Recognizing this, the savvy management team makes segment share its key metric, along with a complementary metric called time to segment dominance. The key anti-metric—and here is where the debate starts—is total revenue and overall market share. To focus on the latter is to encourage the company to take a major deal totally outside its target domain, just to make the numbers. This deal, however, far from increasing the equity value of the firm, actually decreases it, as it misdirects precious resources and slows, not speeds, time to segment dominance. Nor does taking the deal decrease the company’s perceived risk, since it must be recorded outside the niche thereby diluting the importance of the win. This was the fate of document management software vendor, Documentum, until a new management team took charge and focused it on solving problems associated with pharmaceutical companies attempting to win regulatory approval in the USA.

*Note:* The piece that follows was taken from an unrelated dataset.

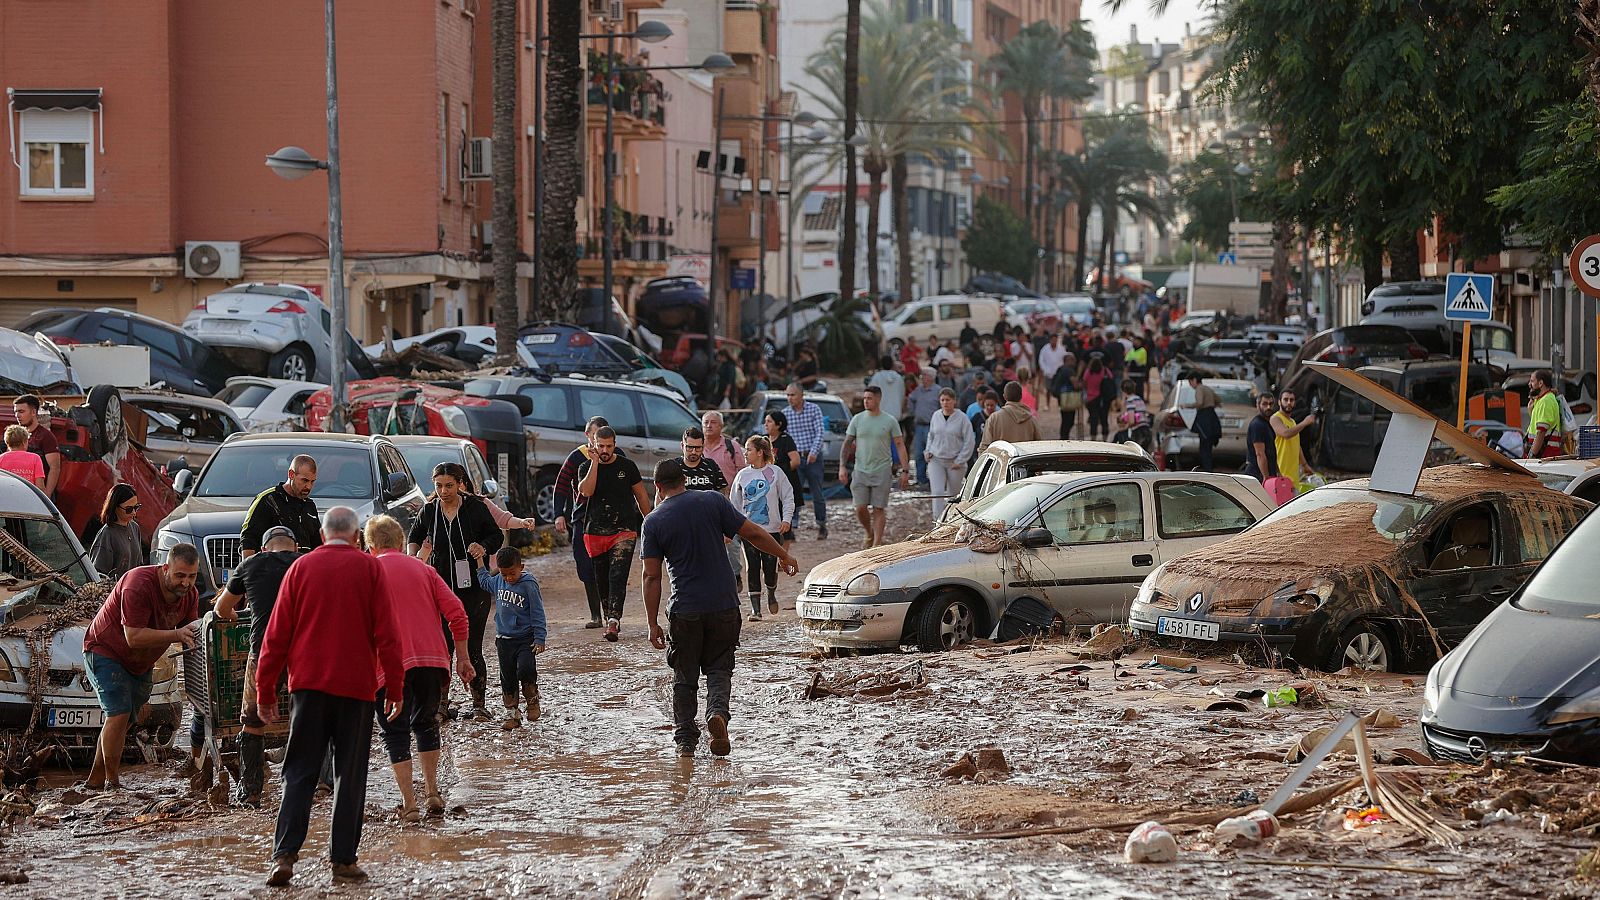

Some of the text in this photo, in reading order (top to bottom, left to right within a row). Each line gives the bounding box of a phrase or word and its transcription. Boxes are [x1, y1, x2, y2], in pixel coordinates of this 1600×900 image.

[1585, 256, 1600, 277] 3
[685, 476, 709, 485] didas
[1165, 620, 1213, 638] 4581 FFL
[58, 711, 91, 725] 9051

The third stage of technology adoption is proliferation. The new paradigm has achieved the status of “safe buy,” and is now experiencing hypergrowth, a massive rise in demand during which the “mainstream market” seeks to emulate their peers. Within a remarkably compressed time, these new customers make their first purchases, thereby committing to their chosen vendor purchase and/or brand loyalty. Winning these new customers for yourself, and keeping them away from your competitors, is the essential market objective. Now, the key metric is market share. The key anti-metric, reversing our previous assertion, is segment share. As counter-intuitive as it may seem, customer satisfaction may also take a back seat as well. Currently, many e-commerce businesses like eBay, E*Trade, and so on, are pushing the limits of these principles, and are under severe pressure for so doing, but their strategy is essentially correct, albeit perhaps a bit over the top. There is nothing that hypergrowth will punish more than ceasing to focus on acquiring new customers.

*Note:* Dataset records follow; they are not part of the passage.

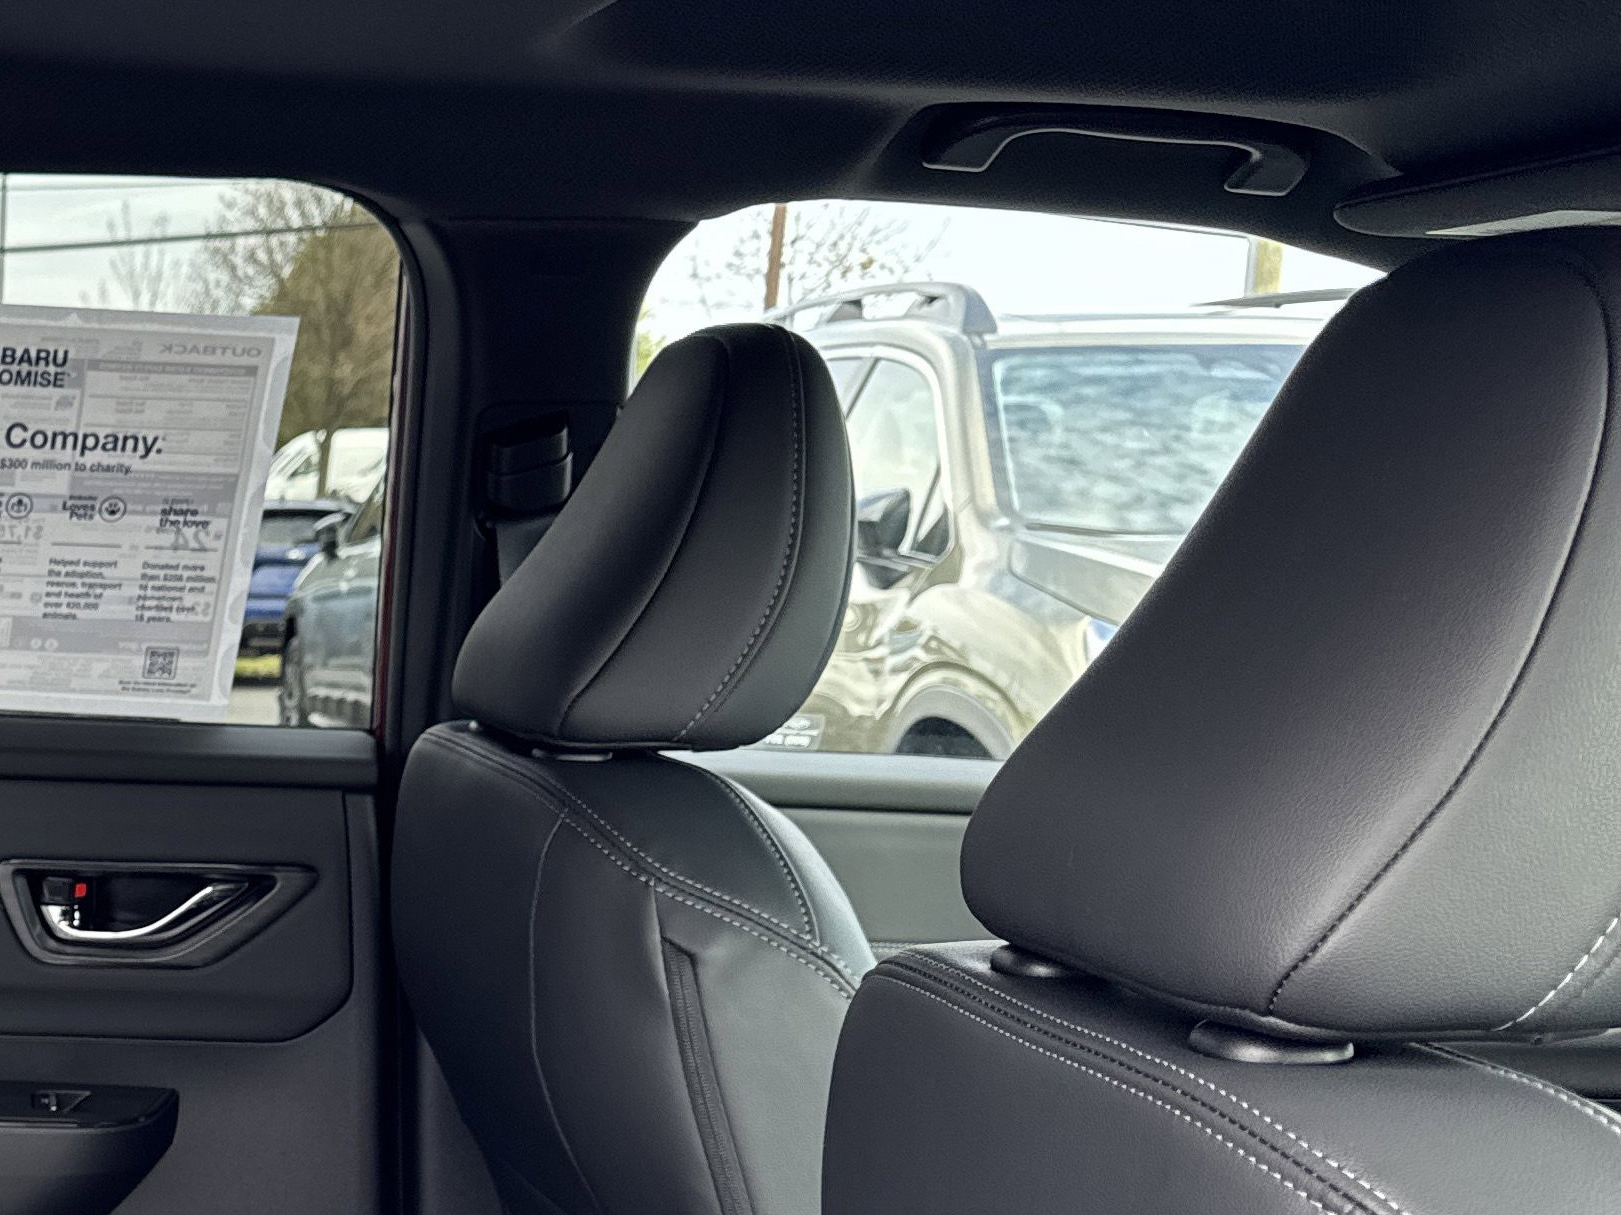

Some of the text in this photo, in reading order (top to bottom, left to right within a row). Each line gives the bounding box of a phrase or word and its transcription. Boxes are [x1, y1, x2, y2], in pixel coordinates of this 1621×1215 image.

[5, 422, 164, 460] Company.
[0, 457, 28, 471] $300
[31, 459, 71, 472] million
[75, 460, 86, 472] to
[89, 462, 132, 476] charity.
[62, 501, 95, 512] Loves
[160, 506, 199, 517] share
[69, 510, 95, 521] Pets
[159, 517, 212, 530] the love
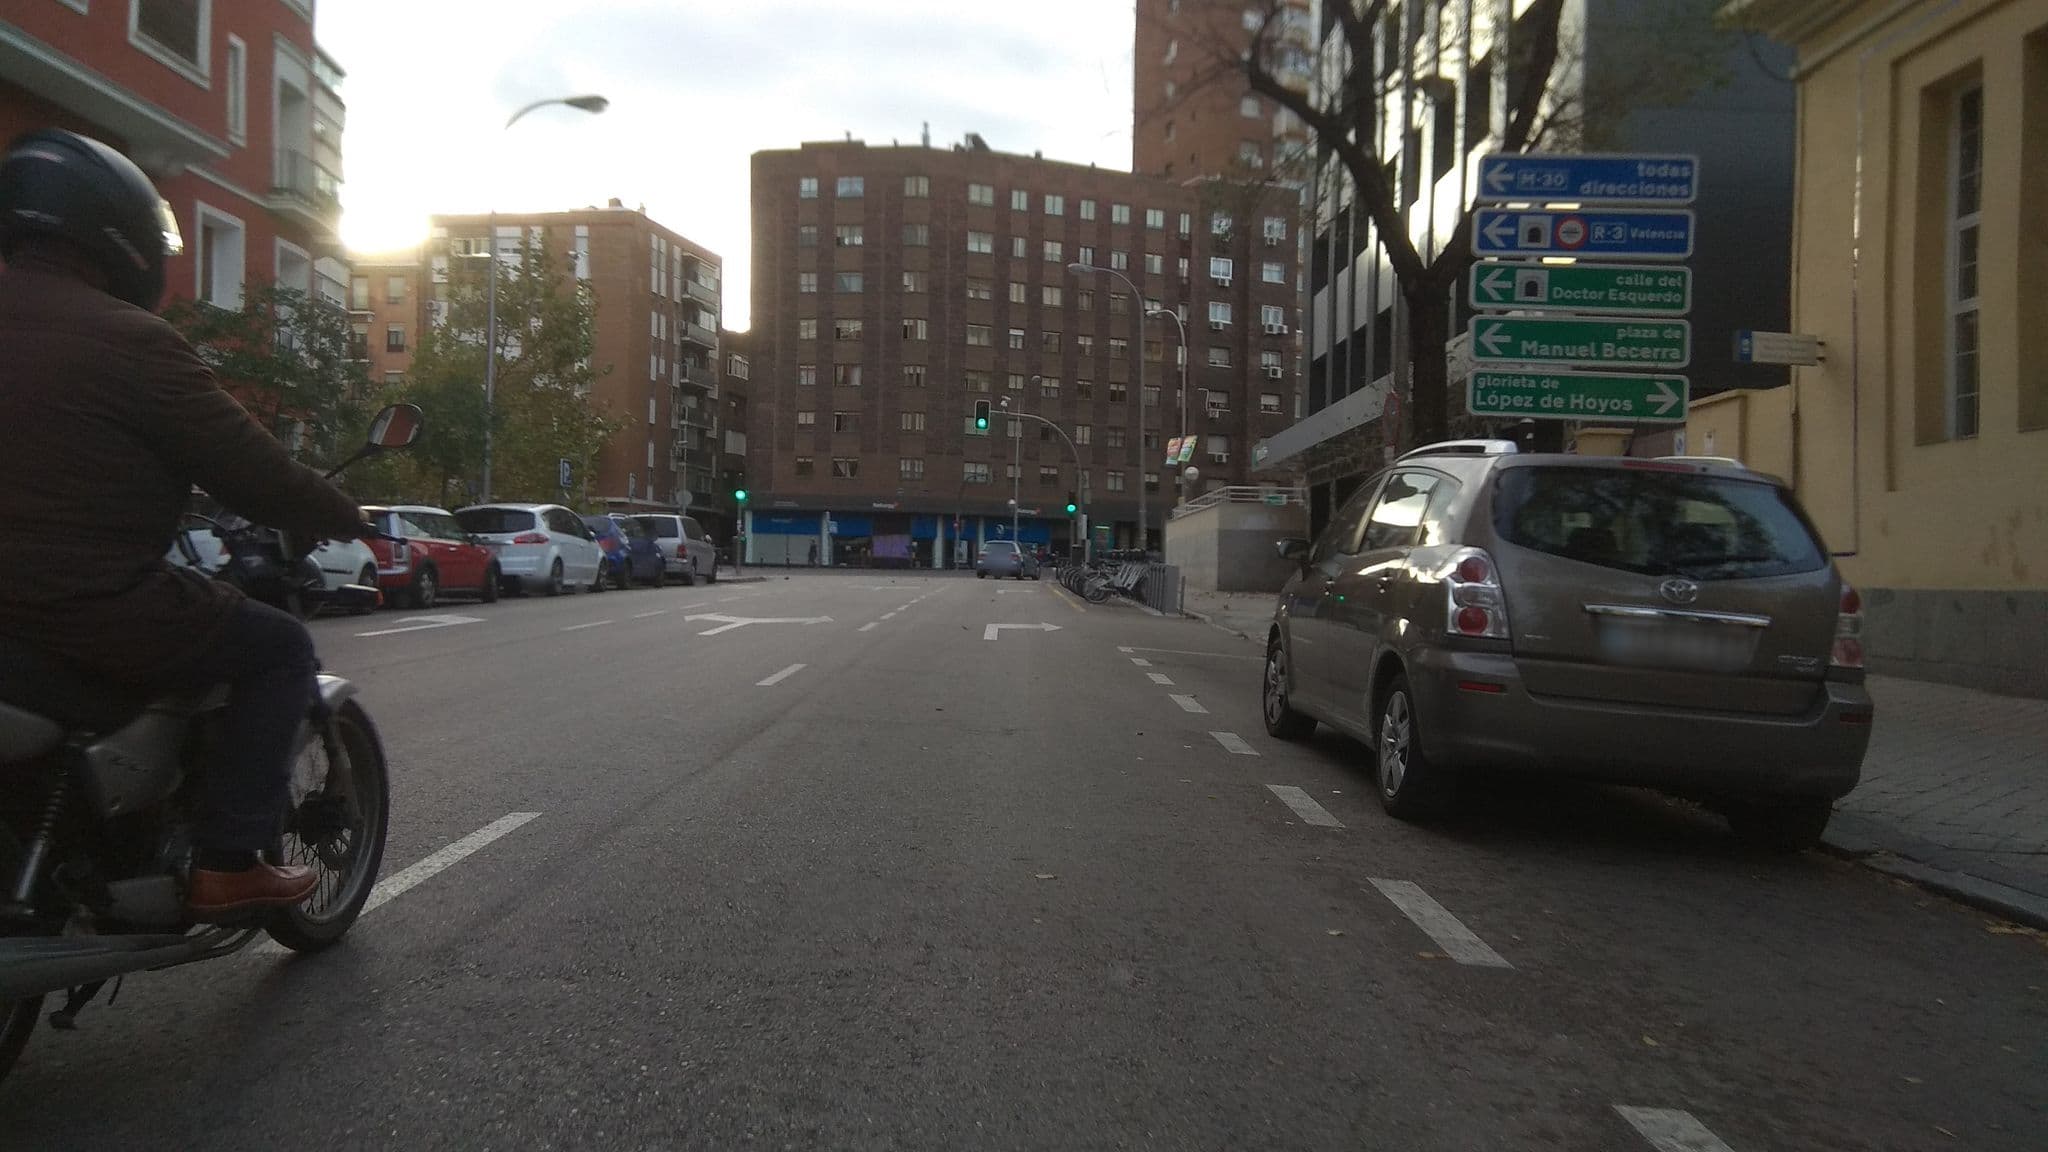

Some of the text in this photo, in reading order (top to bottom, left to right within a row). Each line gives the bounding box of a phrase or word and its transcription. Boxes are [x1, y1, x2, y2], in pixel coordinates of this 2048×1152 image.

[1637, 162, 1691, 177] todas
[1519, 173, 1566, 186] M-30
[1579, 180, 1689, 196] direcciones
[1594, 225, 1686, 240] R-3 Valencia
[1616, 273, 1682, 287] calle del
[1553, 287, 1682, 304] Doctor Esquerdo
[1616, 326, 1681, 340] plaza de
[1521, 341, 1681, 359] Manuel Becerra
[1477, 375, 1560, 390] glorieta de
[1476, 390, 1633, 413] López de Hoyos

The final stage of adoption is assimilation and variation, where the core technology submerges from view, and the market now focuses on “surface-level” modifications to tune the offer to particular user wants or needs. This is the era of one-on-one marketing via mass customization, where profit margins are earned not by engineering but by marketing. Here is the key metric is profits, for we are in that phase of a product life cycle that we call the “cash cow” phase. To secure these profits, one must not plow them back under in a never-ending escalation of technology—remember, its value has been submerged from view—and so the key anti-metric, bringing us full circle, is design wins. This leads to a delicate dance with one’s installed base, as the teams managing the HP 3000 and the IBM AS/400 can testify.

How can you use this column? The most important thing to do is revisit your performance-based compensation programs in light of the life-cycle imperatives your managers should be operating under. If you have a portfolio of products, it likely means different imperatives for different teams. One size does not fit all for strategy, and therefore will not fit all in the domains of motivation and rewards. If you try to force-fit one anyway, you can be sure that incentives do work—they’ll just be working against your best interests instead of for them.